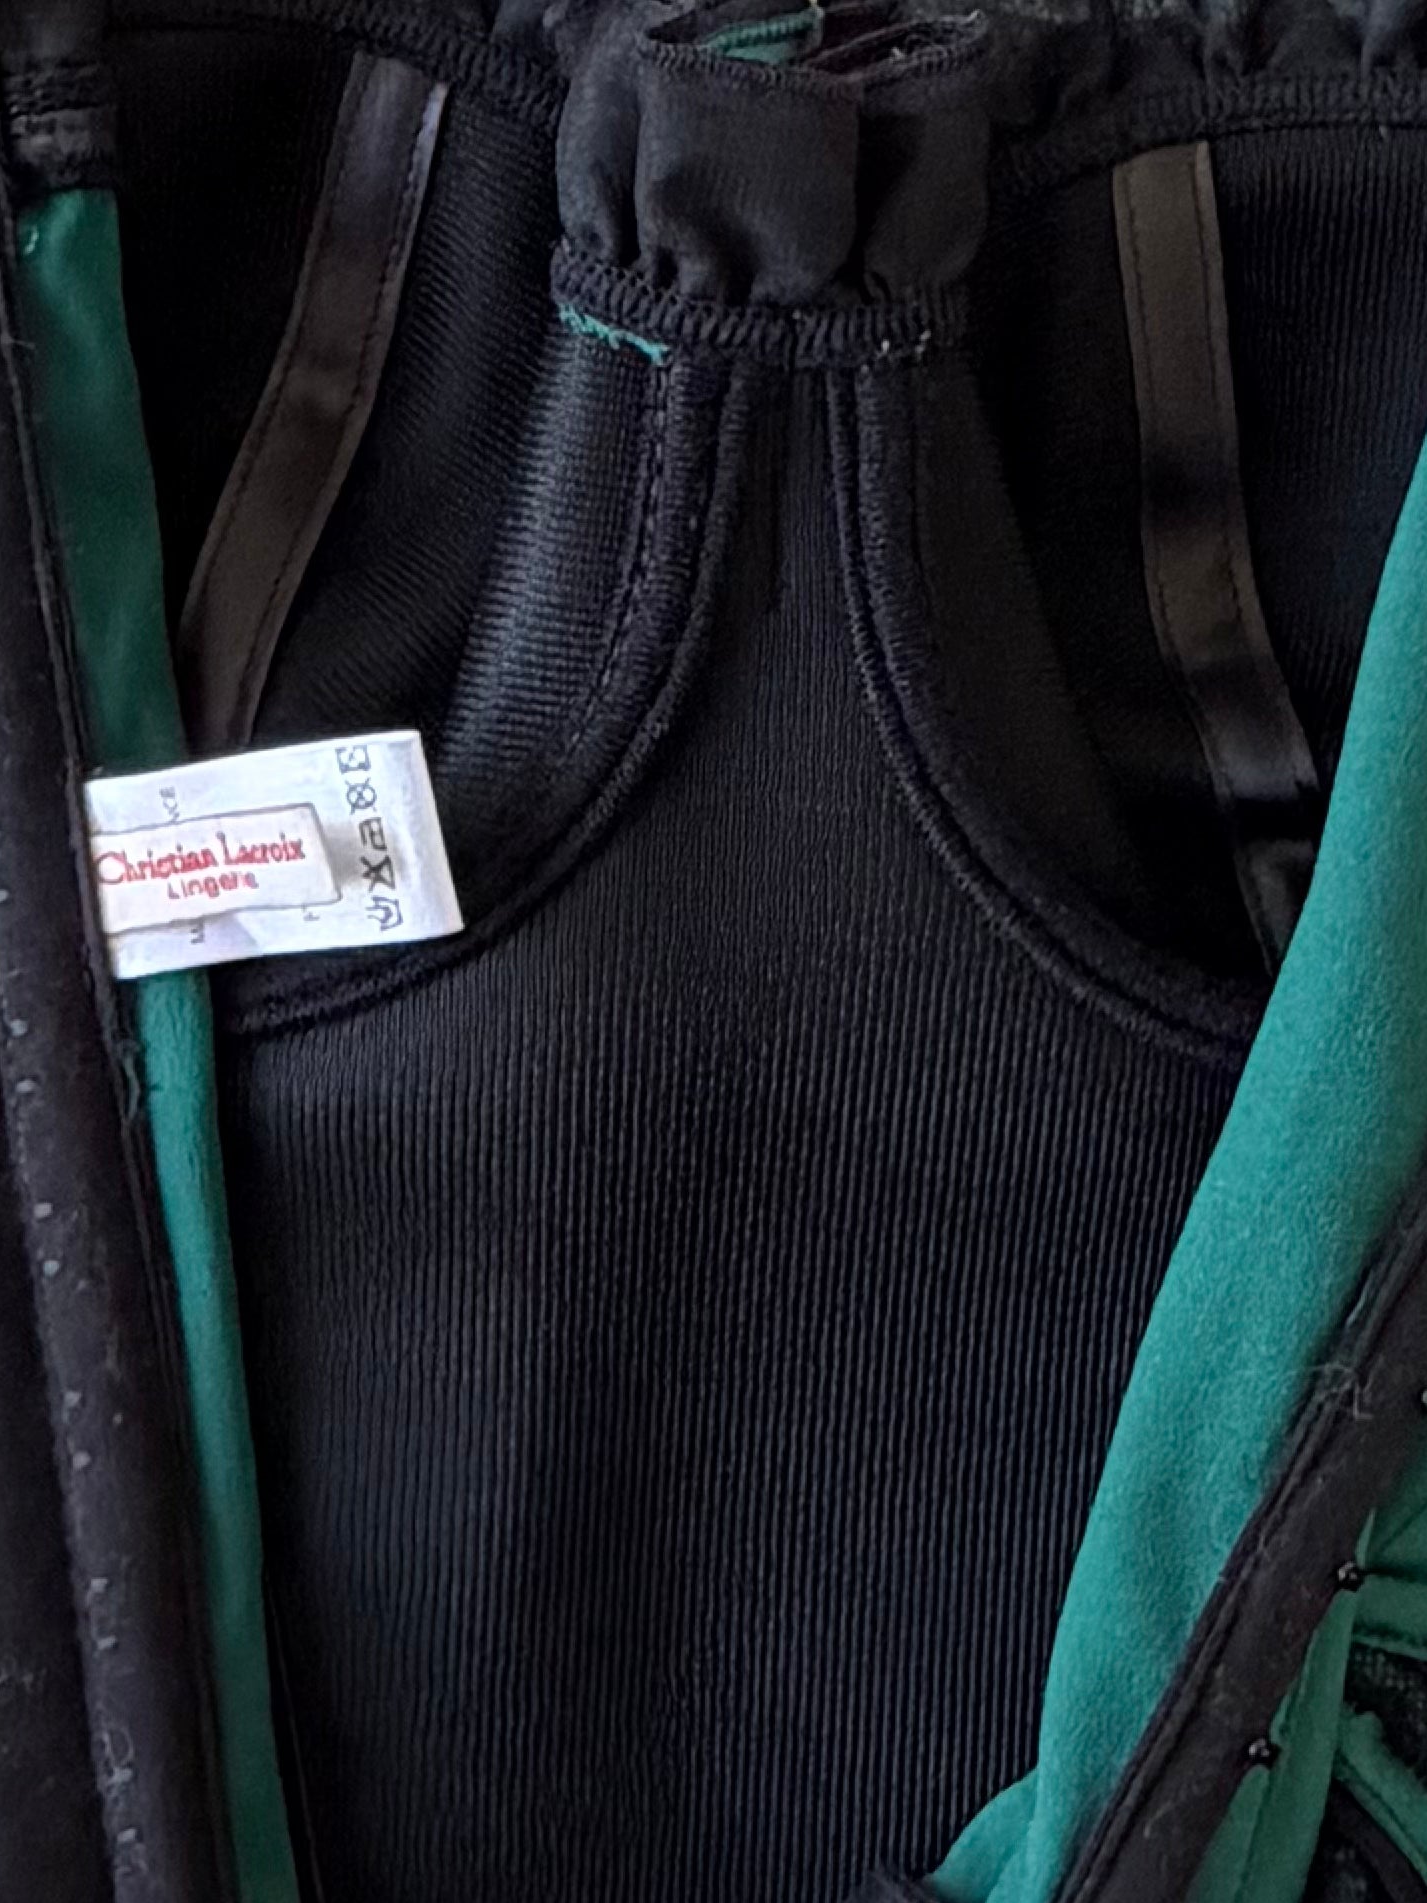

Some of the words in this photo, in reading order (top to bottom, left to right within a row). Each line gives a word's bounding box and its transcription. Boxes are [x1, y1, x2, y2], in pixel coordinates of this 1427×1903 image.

[95, 843, 218, 885] Christian
[216, 831, 306, 865] Lacroix
[168, 871, 260, 899] Lingerie
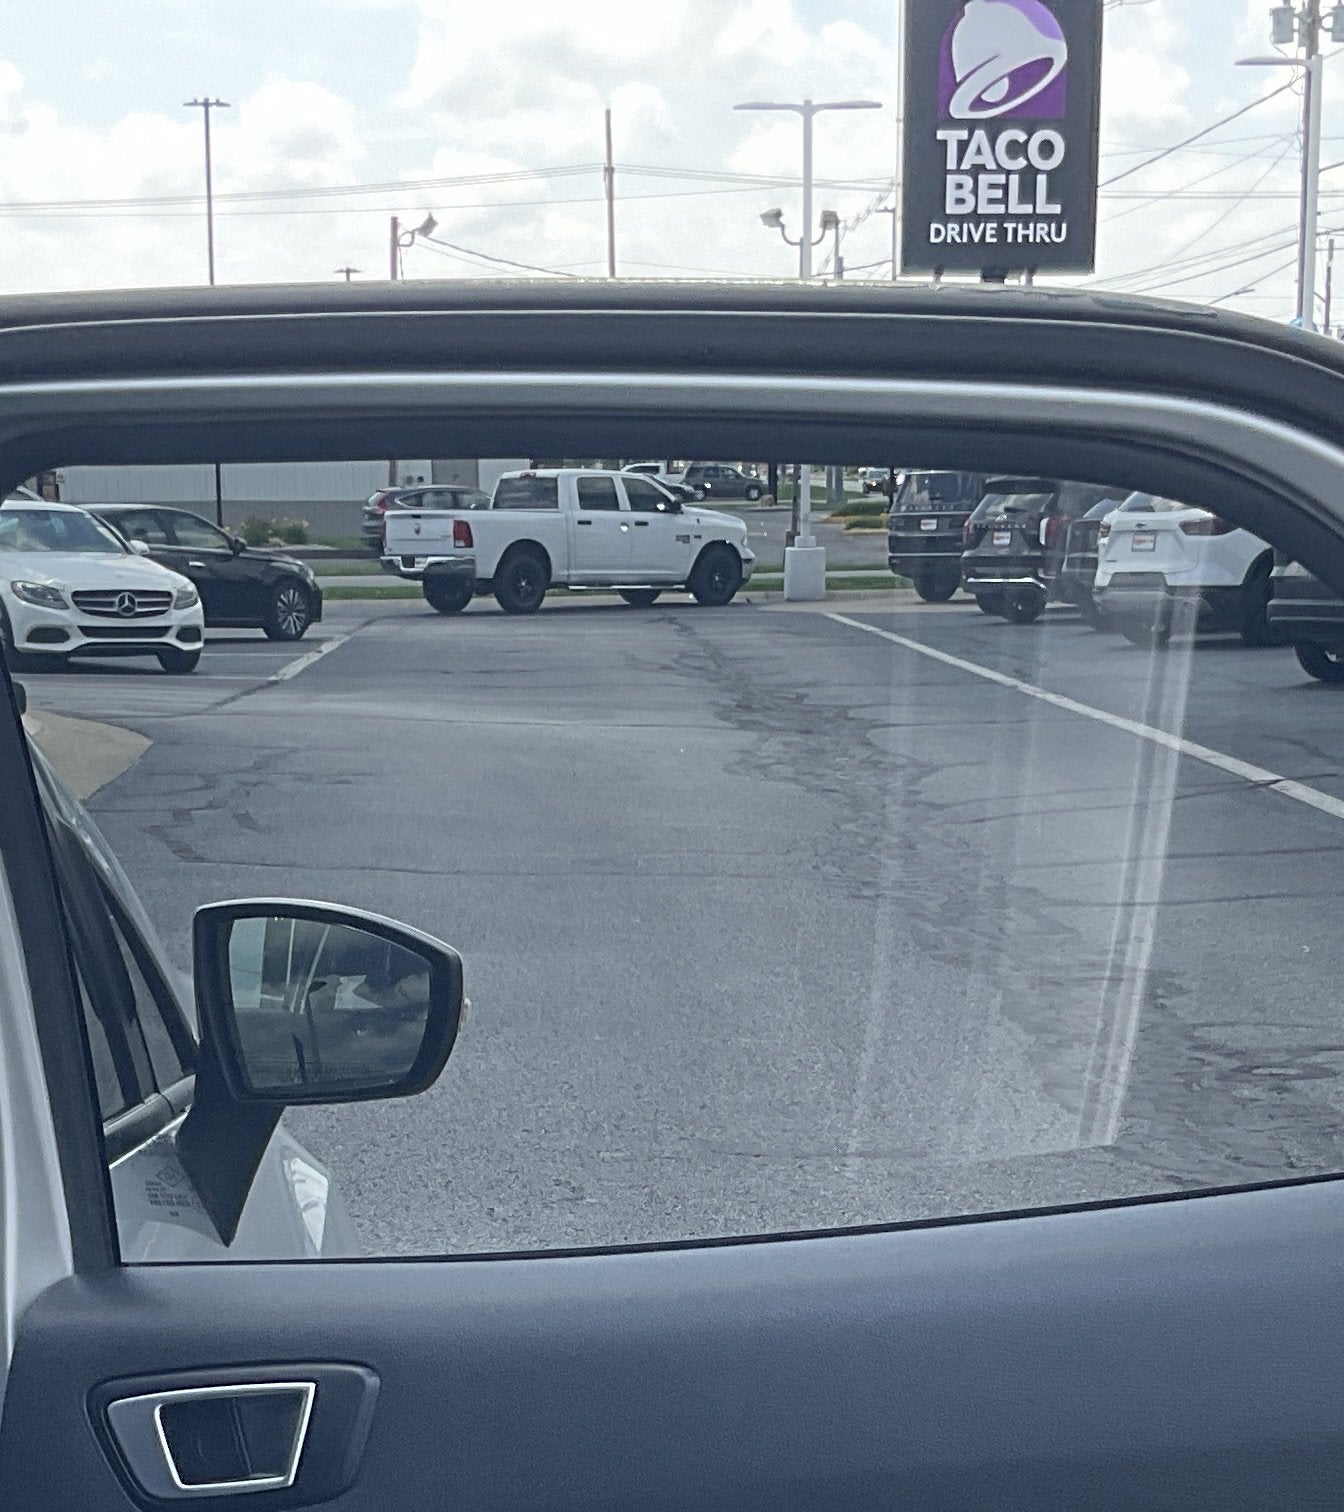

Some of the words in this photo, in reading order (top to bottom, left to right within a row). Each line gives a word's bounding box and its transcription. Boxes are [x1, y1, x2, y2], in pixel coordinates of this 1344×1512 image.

[936, 128, 1065, 170] TACO
[945, 173, 1062, 214] BELL
[929, 222, 998, 243] DRIVE
[1003, 222, 1067, 243] THRU
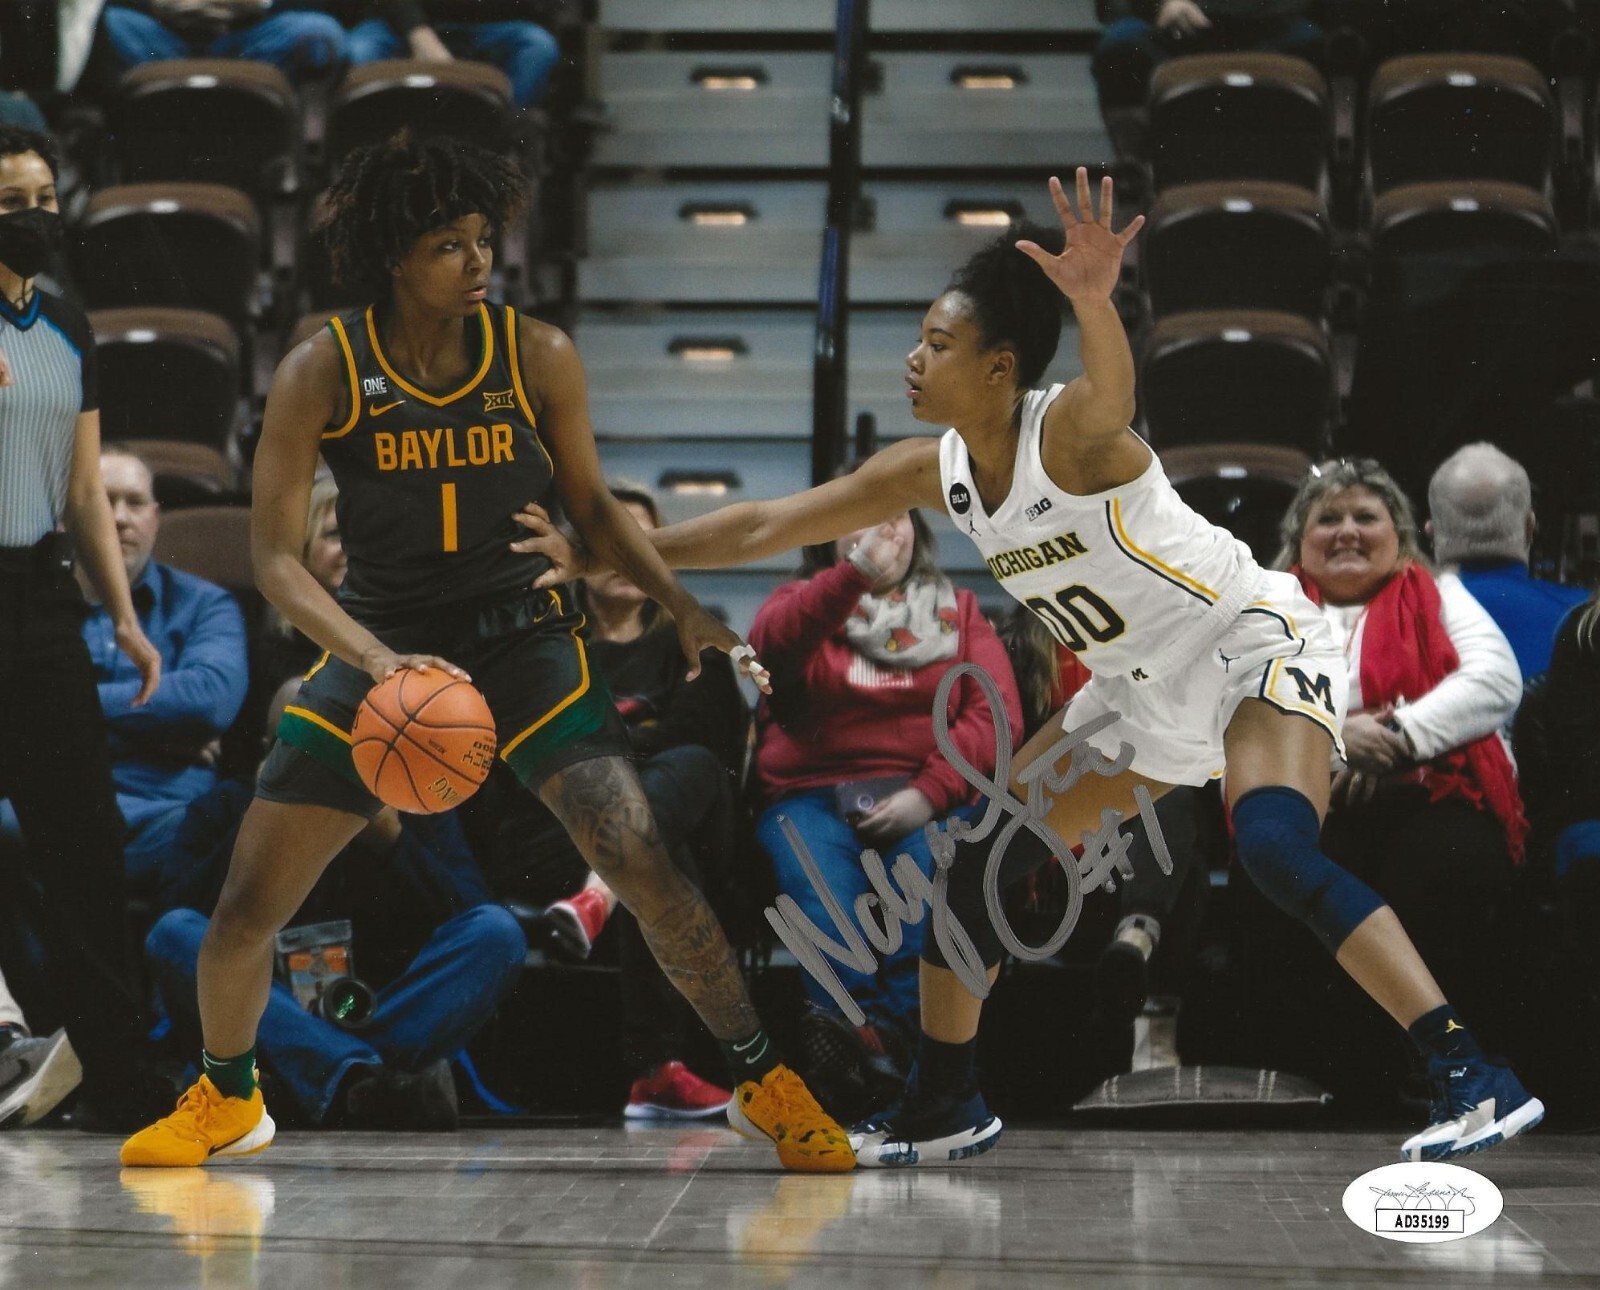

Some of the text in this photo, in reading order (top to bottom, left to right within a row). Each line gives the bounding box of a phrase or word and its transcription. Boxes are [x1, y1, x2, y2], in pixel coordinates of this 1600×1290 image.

[364, 377, 387, 393] ONE
[374, 423, 515, 471] BAYLOR
[951, 492, 968, 504] BLM
[441, 482, 458, 552] 1
[1025, 584, 1126, 653] 00
[1131, 667, 1149, 681] M
[1284, 667, 1336, 717] M
[1394, 1214, 1450, 1229] AD35199
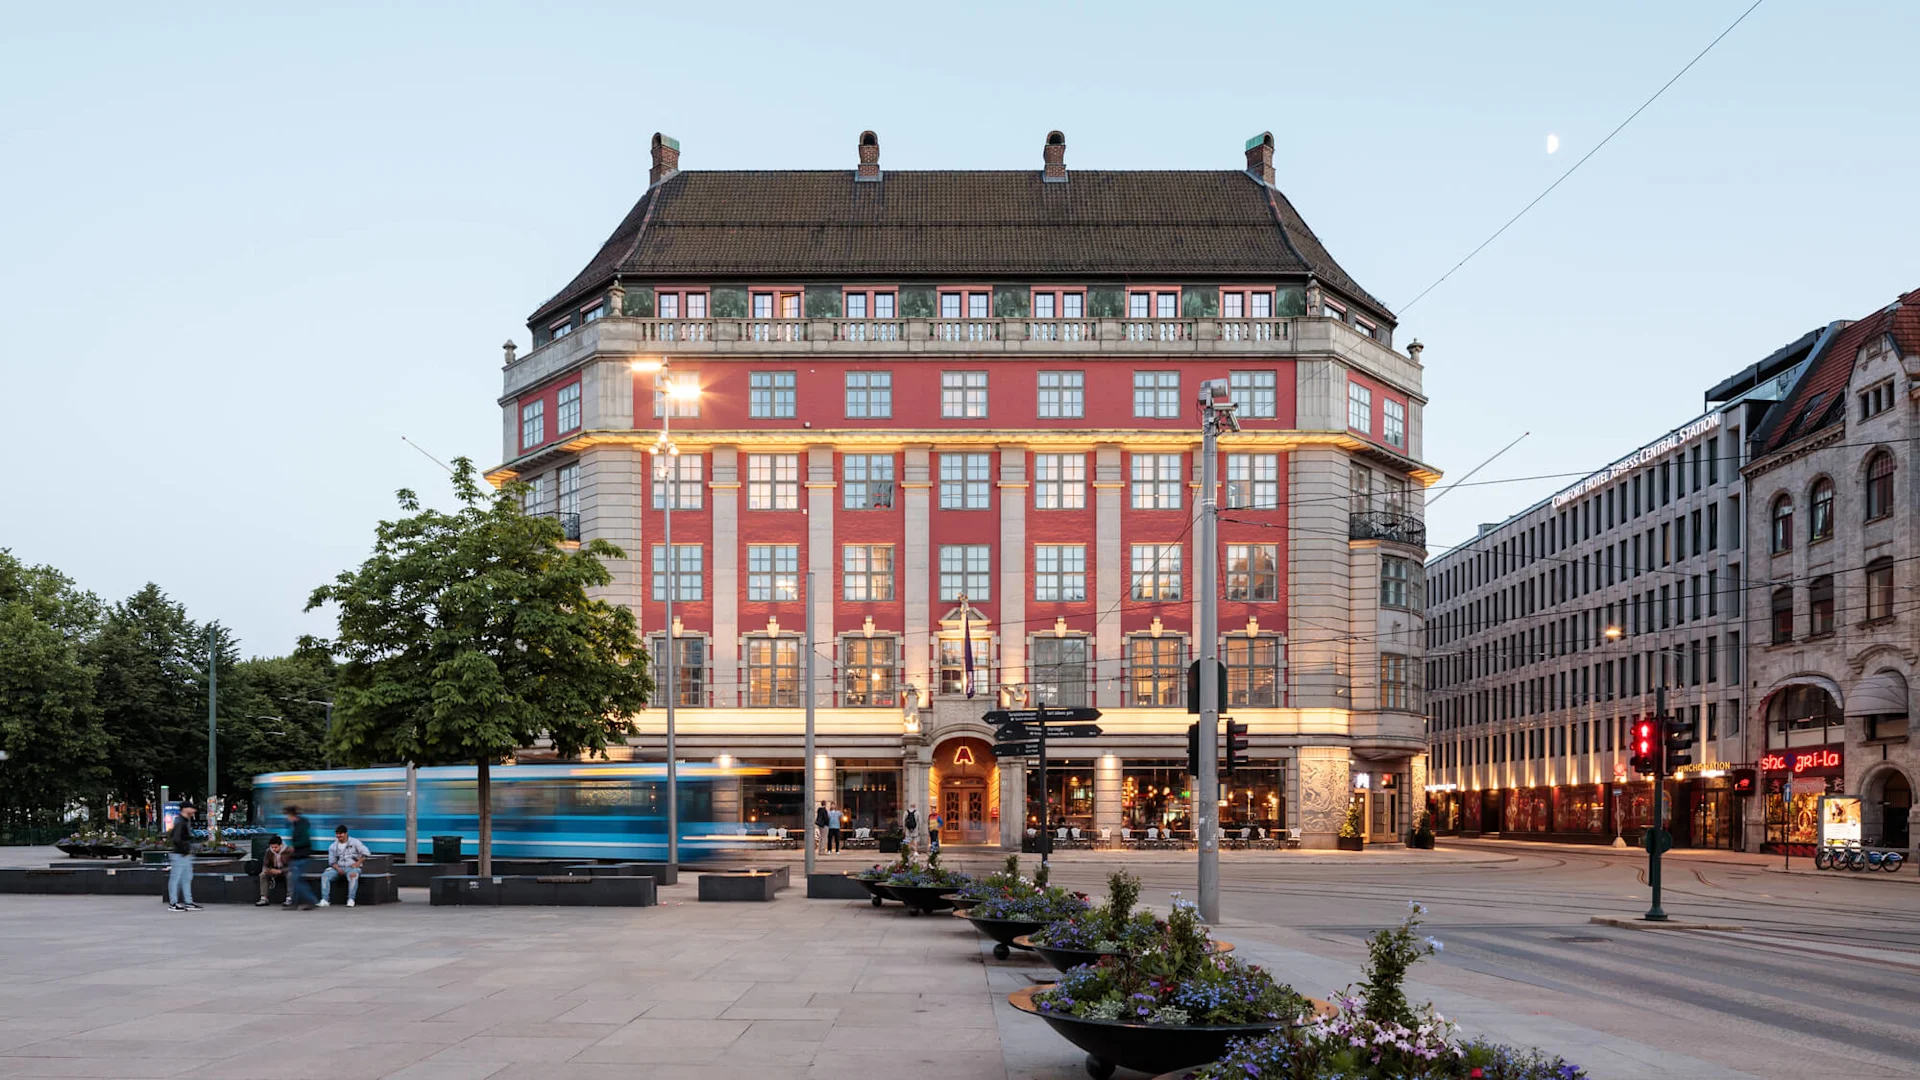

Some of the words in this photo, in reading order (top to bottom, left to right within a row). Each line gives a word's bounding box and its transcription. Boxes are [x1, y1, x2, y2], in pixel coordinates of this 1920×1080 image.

[1552, 484, 1585, 508] COMFORT
[1585, 471, 1609, 492] HOTEL
[1640, 434, 1678, 463] CENTRAL
[1680, 412, 1720, 443] STATION
[953, 746, 974, 764] A
+===+
(REQUIREMENT): The answer should contain every line of the material exactly as written and no pictures.

(WRITTEN RESPONSE):
Some of the words in this photo, in reading order (top to bottom, left to right within a row). Each line gives a word's bounding box and its transcription. Boxes are [x1, y1, x2, y2], in pixel coordinates of this 1427×1903 image.

[95, 843, 218, 885] Christian
[216, 831, 306, 865] Lacroix
[168, 871, 260, 899] Lingerie

Some of the words in this photo, in reading order (top to bottom, left to right within a row). Each line gives a word's bounding box and its transcription. Boxes are [x1, y1, x2, y2], in pixel coordinates of this 1344×1512 image.

[936, 128, 1065, 170] TACO
[945, 173, 1062, 214] BELL
[929, 222, 998, 243] DRIVE
[1003, 222, 1067, 243] THRU

Some of the text in this photo, in reading order (top to bottom, left to right within a row). Each line gives the bounding box of a phrase or word and its transcription. Boxes are [x1, y1, x2, y2], in pixel coordinates of this 1600×1290 image.

[364, 377, 387, 393] ONE
[374, 423, 515, 471] BAYLOR
[951, 492, 968, 504] BLM
[441, 482, 458, 552] 1
[1025, 584, 1126, 653] 00
[1131, 667, 1149, 681] M
[1284, 667, 1336, 717] M
[1394, 1214, 1450, 1229] AD35199

Some of the words in this photo, in reading order (top to bottom, left to right within a row). Each line gives a word's bounding box and its transcription. Boxes are [x1, y1, x2, y2], in pixel coordinates of this 1920×1080 image.

[1552, 484, 1585, 508] COMFORT
[1585, 471, 1609, 492] HOTEL
[1640, 434, 1678, 463] CENTRAL
[1680, 412, 1720, 443] STATION
[953, 746, 974, 764] A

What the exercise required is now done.